How you are probably justifying it to yourself is to explain the many experiences that you’ve had that logically support your thinking. If thinking about anything triggers negative emotions in you, that will be a reflection of your past and current thinking and beliefs about it. It is based on the meanings you have given to those experiences to date. You might say ‘I’ve experienced this problem enough times in my life to know for sure that it will always be this way’. Now that you believe your future is just an extension and repetition of the familiar negative past, you believe your goal is not available to you and so you will not be able to feel positive about having it. It will only create some sense of lack.
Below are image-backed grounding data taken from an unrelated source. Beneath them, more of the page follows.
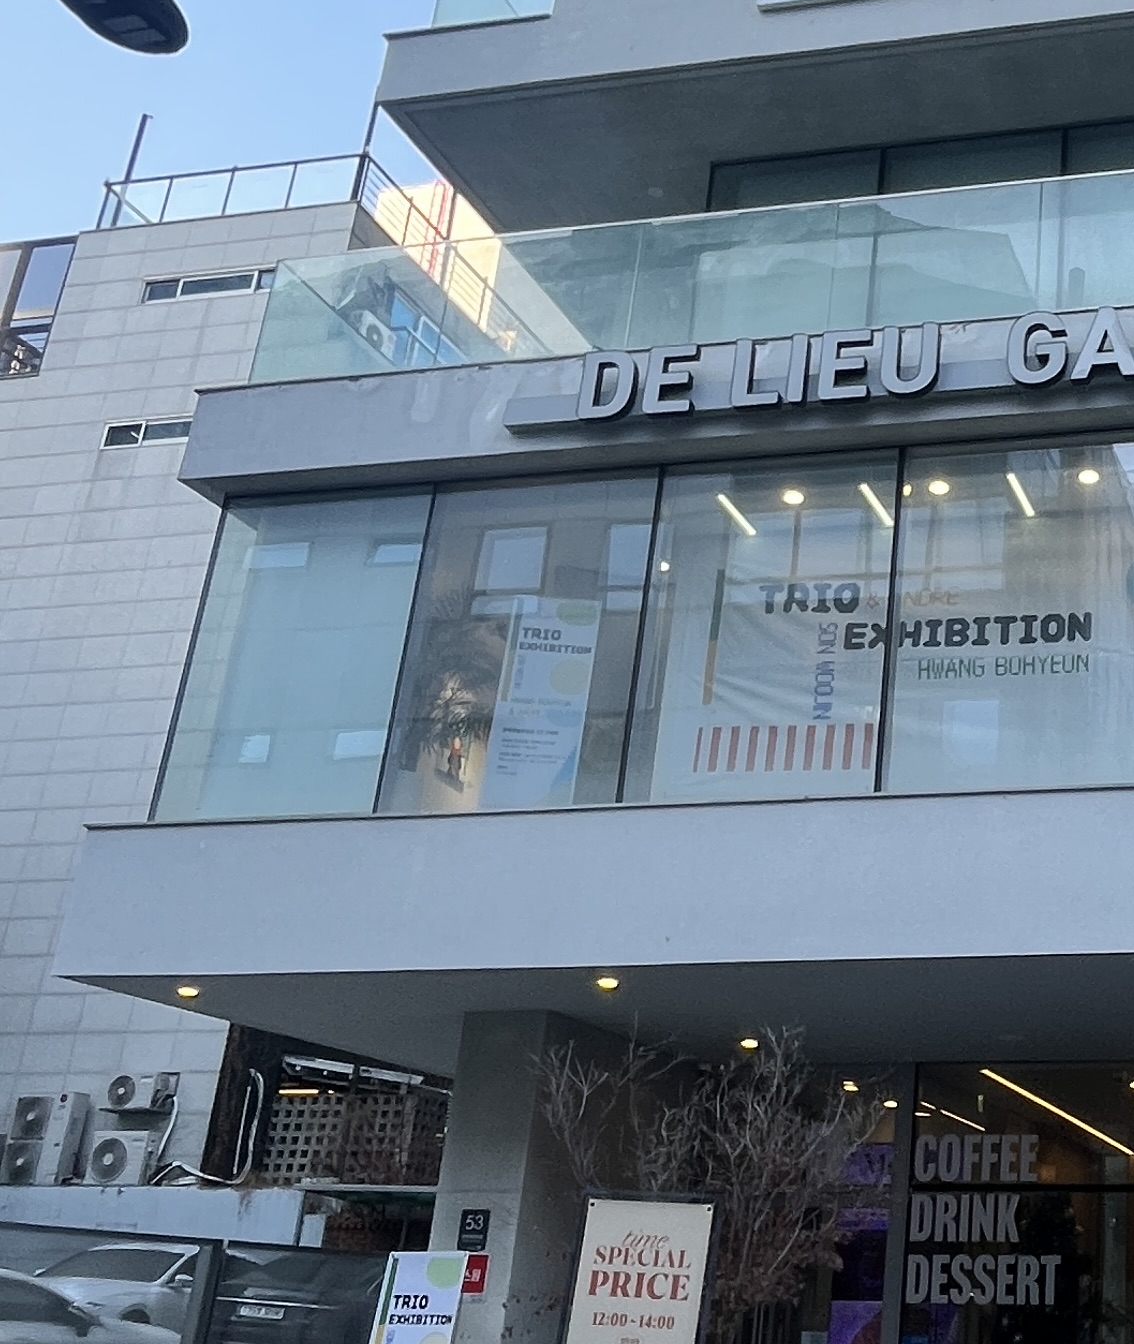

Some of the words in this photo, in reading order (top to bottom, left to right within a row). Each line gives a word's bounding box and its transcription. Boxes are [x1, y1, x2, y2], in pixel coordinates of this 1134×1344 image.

[577, 345, 700, 420] DE
[730, 321, 943, 409] LIEU
[759, 582, 861, 614] TRIO
[522, 627, 562, 642] TRIO
[843, 611, 1093, 651] EXHIBITION
[518, 641, 593, 655] EXHIBITION
[918, 656, 985, 680] HWANG
[913, 1133, 1041, 1183] COFFEE
[465, 1214, 484, 1231] 53
[909, 1192, 1022, 1244] DRINK
[621, 1229, 670, 1250] time
[593, 1244, 692, 1269] SPECIAL
[588, 1269, 691, 1301] PRICE
[905, 1253, 1062, 1306] DESSERT
[393, 1294, 430, 1311] TRIO
[388, 1313, 454, 1326] EXHIBITION
Talking yourself out of it requires critical thinking, or thinking outside the box. It’s your job to convince yourself that your goal is achievable if you really want it. You might reason that the circumstances today are not the same as the past. I am not a powerless child, I am a competent independent adult. The opportunities today are much better than back then. My life, economic, social circumstances are different now. I have more control over my life. There is evidence of many people who had an impoverished or abusive start to life who changed their destiny, and did not stay on the same trajectory. The aim of this critical thinking is to let go of any limiting beliefs that say ‘the goal is not available to me’. Replace them all with a belief that opens the door to the potential that you can have it and you can do it. Talk yourself into being open to experiences that are unfamiliar and unknown, that have no guarantees but have the potential to lead to your goal. When you have come to a consciously reasoned belief that your goal is actually realistic, you can give yourself permission to enjoy imagining your future self enjoying it. This will unlock tips 1-3 if they didn’t help before.
Whether you think you can or you think you can’t, you are right. Think you can and you’re on your way.